**YOUR OBJECTIVE**. Your output must match the records exactly, line for line.

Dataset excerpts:
▽

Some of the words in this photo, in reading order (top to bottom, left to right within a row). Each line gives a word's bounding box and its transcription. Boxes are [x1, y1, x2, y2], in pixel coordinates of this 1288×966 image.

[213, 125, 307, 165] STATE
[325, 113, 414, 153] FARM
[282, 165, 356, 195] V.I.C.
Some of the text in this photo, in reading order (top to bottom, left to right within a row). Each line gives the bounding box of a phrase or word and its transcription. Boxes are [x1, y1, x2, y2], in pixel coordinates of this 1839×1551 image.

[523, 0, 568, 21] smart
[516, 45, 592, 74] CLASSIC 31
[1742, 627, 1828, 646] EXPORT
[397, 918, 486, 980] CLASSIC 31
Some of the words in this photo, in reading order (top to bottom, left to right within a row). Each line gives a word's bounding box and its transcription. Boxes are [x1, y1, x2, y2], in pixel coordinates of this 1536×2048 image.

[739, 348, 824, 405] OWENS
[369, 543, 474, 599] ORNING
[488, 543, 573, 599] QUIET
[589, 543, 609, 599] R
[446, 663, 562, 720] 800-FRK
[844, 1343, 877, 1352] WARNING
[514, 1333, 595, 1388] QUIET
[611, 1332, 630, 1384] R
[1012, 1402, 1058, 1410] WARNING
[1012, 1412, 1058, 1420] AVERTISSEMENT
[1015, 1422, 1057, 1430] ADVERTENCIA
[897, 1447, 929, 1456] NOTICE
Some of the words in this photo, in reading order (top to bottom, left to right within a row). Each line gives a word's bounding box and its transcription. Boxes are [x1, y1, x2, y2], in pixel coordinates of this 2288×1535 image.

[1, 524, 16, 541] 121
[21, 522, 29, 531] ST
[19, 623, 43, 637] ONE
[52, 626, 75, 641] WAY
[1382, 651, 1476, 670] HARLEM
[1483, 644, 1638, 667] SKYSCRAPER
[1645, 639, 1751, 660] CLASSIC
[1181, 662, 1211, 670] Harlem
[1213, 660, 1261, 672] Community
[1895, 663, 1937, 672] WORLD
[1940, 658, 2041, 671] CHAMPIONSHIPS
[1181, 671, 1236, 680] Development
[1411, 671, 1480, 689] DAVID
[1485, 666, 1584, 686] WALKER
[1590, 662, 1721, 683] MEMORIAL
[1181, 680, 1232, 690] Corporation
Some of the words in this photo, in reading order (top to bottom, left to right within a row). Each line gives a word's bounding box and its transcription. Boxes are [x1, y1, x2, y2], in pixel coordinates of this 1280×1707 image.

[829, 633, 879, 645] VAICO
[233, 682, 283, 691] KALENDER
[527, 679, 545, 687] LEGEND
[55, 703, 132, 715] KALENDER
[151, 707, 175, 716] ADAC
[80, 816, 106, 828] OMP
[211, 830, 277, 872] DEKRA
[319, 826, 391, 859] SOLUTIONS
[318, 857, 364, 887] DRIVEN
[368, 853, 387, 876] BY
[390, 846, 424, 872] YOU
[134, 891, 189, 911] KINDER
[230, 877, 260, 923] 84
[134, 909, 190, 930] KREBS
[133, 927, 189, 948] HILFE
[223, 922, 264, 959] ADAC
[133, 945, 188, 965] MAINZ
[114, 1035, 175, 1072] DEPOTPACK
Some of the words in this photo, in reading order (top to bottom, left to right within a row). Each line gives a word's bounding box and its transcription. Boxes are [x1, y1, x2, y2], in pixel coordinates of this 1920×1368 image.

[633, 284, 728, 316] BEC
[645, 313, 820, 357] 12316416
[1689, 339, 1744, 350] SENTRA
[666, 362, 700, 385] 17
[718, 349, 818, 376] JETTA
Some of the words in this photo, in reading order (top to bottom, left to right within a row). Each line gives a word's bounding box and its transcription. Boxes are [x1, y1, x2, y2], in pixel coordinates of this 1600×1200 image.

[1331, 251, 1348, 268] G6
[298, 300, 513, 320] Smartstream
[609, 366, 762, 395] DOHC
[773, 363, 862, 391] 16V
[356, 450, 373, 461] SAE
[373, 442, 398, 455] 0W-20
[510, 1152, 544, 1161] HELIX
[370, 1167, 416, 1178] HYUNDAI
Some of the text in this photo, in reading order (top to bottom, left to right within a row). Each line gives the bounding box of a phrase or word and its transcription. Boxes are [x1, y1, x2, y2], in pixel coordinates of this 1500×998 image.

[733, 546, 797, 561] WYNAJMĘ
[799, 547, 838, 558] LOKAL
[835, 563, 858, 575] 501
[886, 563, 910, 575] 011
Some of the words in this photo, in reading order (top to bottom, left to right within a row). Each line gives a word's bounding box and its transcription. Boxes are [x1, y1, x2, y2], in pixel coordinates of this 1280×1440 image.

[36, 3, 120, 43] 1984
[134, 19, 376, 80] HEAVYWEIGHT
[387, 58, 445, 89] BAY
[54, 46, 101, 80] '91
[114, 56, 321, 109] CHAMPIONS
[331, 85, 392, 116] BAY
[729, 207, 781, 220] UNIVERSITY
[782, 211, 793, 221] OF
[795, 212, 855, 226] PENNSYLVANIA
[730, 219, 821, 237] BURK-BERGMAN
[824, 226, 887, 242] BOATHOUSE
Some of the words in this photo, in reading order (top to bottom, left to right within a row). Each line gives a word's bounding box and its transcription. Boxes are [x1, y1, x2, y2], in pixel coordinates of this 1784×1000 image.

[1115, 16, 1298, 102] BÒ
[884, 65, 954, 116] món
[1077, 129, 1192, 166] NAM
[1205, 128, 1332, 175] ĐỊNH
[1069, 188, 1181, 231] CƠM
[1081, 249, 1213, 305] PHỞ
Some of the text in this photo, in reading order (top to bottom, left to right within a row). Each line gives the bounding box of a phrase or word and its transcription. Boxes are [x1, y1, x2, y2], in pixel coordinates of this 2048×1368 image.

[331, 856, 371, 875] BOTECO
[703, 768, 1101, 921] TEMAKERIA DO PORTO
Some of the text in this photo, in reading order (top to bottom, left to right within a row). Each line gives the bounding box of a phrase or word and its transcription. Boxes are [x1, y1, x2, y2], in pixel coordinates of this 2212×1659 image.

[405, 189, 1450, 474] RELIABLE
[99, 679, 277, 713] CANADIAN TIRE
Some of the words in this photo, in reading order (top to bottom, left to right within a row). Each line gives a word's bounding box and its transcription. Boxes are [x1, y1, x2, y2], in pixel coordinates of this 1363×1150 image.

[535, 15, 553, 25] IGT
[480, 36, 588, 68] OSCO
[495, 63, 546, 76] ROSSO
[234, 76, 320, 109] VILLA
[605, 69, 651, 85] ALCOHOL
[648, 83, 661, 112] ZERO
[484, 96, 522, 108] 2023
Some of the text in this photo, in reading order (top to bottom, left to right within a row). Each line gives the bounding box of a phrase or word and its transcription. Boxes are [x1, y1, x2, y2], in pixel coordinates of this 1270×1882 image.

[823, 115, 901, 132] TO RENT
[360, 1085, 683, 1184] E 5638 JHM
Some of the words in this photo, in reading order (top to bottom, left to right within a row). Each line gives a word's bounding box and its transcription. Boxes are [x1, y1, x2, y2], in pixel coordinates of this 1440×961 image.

△

**WORKED SOLUTION**.
Some of the words in this photo, in reading order (top to bottom, left to right within a row). Each line gives a word's bounding box and its transcription. Boxes are [x1, y1, x2, y2], in pixel coordinates of this 1288×966 image.

[213, 125, 307, 165] STATE
[325, 113, 414, 153] FARM
[282, 165, 356, 195] V.I.C.
Some of the text in this photo, in reading order (top to bottom, left to right within a row). Each line gives the bounding box of a phrase or word and its transcription. Boxes are [x1, y1, x2, y2], in pixel coordinates of this 1839×1551 image.

[523, 0, 568, 21] smart
[516, 45, 592, 74] CLASSIC 31
[1742, 627, 1828, 646] EXPORT
[397, 918, 486, 980] CLASSIC 31
Some of the words in this photo, in reading order (top to bottom, left to right within a row). Each line gives a word's bounding box and its transcription. Boxes are [x1, y1, x2, y2], in pixel coordinates of this 1536×2048 image.

[739, 348, 824, 405] OWENS
[369, 543, 474, 599] ORNING
[488, 543, 573, 599] QUIET
[589, 543, 609, 599] R
[446, 663, 562, 720] 800-FRK
[844, 1343, 877, 1352] WARNING
[514, 1333, 595, 1388] QUIET
[611, 1332, 630, 1384] R
[1012, 1402, 1058, 1410] WARNING
[1012, 1412, 1058, 1420] AVERTISSEMENT
[1015, 1422, 1057, 1430] ADVERTENCIA
[897, 1447, 929, 1456] NOTICE
Some of the words in this photo, in reading order (top to bottom, left to right within a row). Each line gives a word's bounding box and its transcription. Boxes are [x1, y1, x2, y2], in pixel coordinates of this 2288×1535 image.

[1, 524, 16, 541] 121
[21, 522, 29, 531] ST
[19, 623, 43, 637] ONE
[52, 626, 75, 641] WAY
[1382, 651, 1476, 670] HARLEM
[1483, 644, 1638, 667] SKYSCRAPER
[1645, 639, 1751, 660] CLASSIC
[1181, 662, 1211, 670] Harlem
[1213, 660, 1261, 672] Community
[1895, 663, 1937, 672] WORLD
[1940, 658, 2041, 671] CHAMPIONSHIPS
[1181, 671, 1236, 680] Development
[1411, 671, 1480, 689] DAVID
[1485, 666, 1584, 686] WALKER
[1590, 662, 1721, 683] MEMORIAL
[1181, 680, 1232, 690] Corporation
Some of the words in this photo, in reading order (top to bottom, left to right within a row). Each line gives a word's bounding box and its transcription. Boxes are [x1, y1, x2, y2], in pixel coordinates of this 1280×1707 image.

[829, 633, 879, 645] VAICO
[233, 682, 283, 691] KALENDER
[527, 679, 545, 687] LEGEND
[55, 703, 132, 715] KALENDER
[151, 707, 175, 716] ADAC
[80, 816, 106, 828] OMP
[211, 830, 277, 872] DEKRA
[319, 826, 391, 859] SOLUTIONS
[318, 857, 364, 887] DRIVEN
[368, 853, 387, 876] BY
[390, 846, 424, 872] YOU
[134, 891, 189, 911] KINDER
[230, 877, 260, 923] 84
[134, 909, 190, 930] KREBS
[133, 927, 189, 948] HILFE
[223, 922, 264, 959] ADAC
[133, 945, 188, 965] MAINZ
[114, 1035, 175, 1072] DEPOTPACK
Some of the words in this photo, in reading order (top to bottom, left to right within a row). Each line gives a word's bounding box and its transcription. Boxes are [x1, y1, x2, y2], in pixel coordinates of this 1920×1368 image.

[633, 284, 728, 316] BEC
[645, 313, 820, 357] 12316416
[1689, 339, 1744, 350] SENTRA
[666, 362, 700, 385] 17
[718, 349, 818, 376] JETTA
Some of the words in this photo, in reading order (top to bottom, left to right within a row). Each line gives a word's bounding box and its transcription. Boxes are [x1, y1, x2, y2], in pixel coordinates of this 1600×1200 image.

[1331, 251, 1348, 268] G6
[298, 300, 513, 320] Smartstream
[609, 366, 762, 395] DOHC
[773, 363, 862, 391] 16V
[356, 450, 373, 461] SAE
[373, 442, 398, 455] 0W-20
[510, 1152, 544, 1161] HELIX
[370, 1167, 416, 1178] HYUNDAI
Some of the text in this photo, in reading order (top to bottom, left to right within a row). Each line gives the bounding box of a phrase or word and its transcription. Boxes are [x1, y1, x2, y2], in pixel coordinates of this 1500×998 image.

[733, 546, 797, 561] WYNAJMĘ
[799, 547, 838, 558] LOKAL
[835, 563, 858, 575] 501
[886, 563, 910, 575] 011
Some of the words in this photo, in reading order (top to bottom, left to right within a row). Each line gives a word's bounding box and its transcription. Boxes are [x1, y1, x2, y2], in pixel coordinates of this 1280×1440 image.

[36, 3, 120, 43] 1984
[134, 19, 376, 80] HEAVYWEIGHT
[387, 58, 445, 89] BAY
[54, 46, 101, 80] '91
[114, 56, 321, 109] CHAMPIONS
[331, 85, 392, 116] BAY
[729, 207, 781, 220] UNIVERSITY
[782, 211, 793, 221] OF
[795, 212, 855, 226] PENNSYLVANIA
[730, 219, 821, 237] BURK-BERGMAN
[824, 226, 887, 242] BOATHOUSE
Some of the words in this photo, in reading order (top to bottom, left to right within a row). Each line gives a word's bounding box and its transcription. Boxes are [x1, y1, x2, y2], in pixel coordinates of this 1784×1000 image.

[1115, 16, 1298, 102] BÒ
[884, 65, 954, 116] món
[1077, 129, 1192, 166] NAM
[1205, 128, 1332, 175] ĐỊNH
[1069, 188, 1181, 231] CƠM
[1081, 249, 1213, 305] PHỞ
Some of the text in this photo, in reading order (top to bottom, left to right within a row). Each line gives the bounding box of a phrase or word and its transcription. Boxes are [x1, y1, x2, y2], in pixel coordinates of this 2048×1368 image.

[331, 856, 371, 875] BOTECO
[703, 768, 1101, 921] TEMAKERIA DO PORTO
Some of the text in this photo, in reading order (top to bottom, left to right within a row). Each line gives the bounding box of a phrase or word and its transcription. Boxes are [x1, y1, x2, y2], in pixel coordinates of this 2212×1659 image.

[405, 189, 1450, 474] RELIABLE
[99, 679, 277, 713] CANADIAN TIRE
Some of the words in this photo, in reading order (top to bottom, left to right within a row). Each line gives a word's bounding box and its transcription. Boxes are [x1, y1, x2, y2], in pixel coordinates of this 1363×1150 image.

[535, 15, 553, 25] IGT
[480, 36, 588, 68] OSCO
[495, 63, 546, 76] ROSSO
[234, 76, 320, 109] VILLA
[605, 69, 651, 85] ALCOHOL
[648, 83, 661, 112] ZERO
[484, 96, 522, 108] 2023
Some of the text in this photo, in reading order (top to bottom, left to right within a row). Each line gives the bounding box of a phrase or word and its transcription. Boxes are [x1, y1, x2, y2], in pixel coordinates of this 1270×1882 image.

[823, 115, 901, 132] TO RENT
[360, 1085, 683, 1184] E 5638 JHM
Some of the words in this photo, in reading order (top to bottom, left to right within a row). Each line gives a word's bounding box and its transcription. Boxes are [x1, y1, x2, y2], in pixel coordinates of this 1440×961 image.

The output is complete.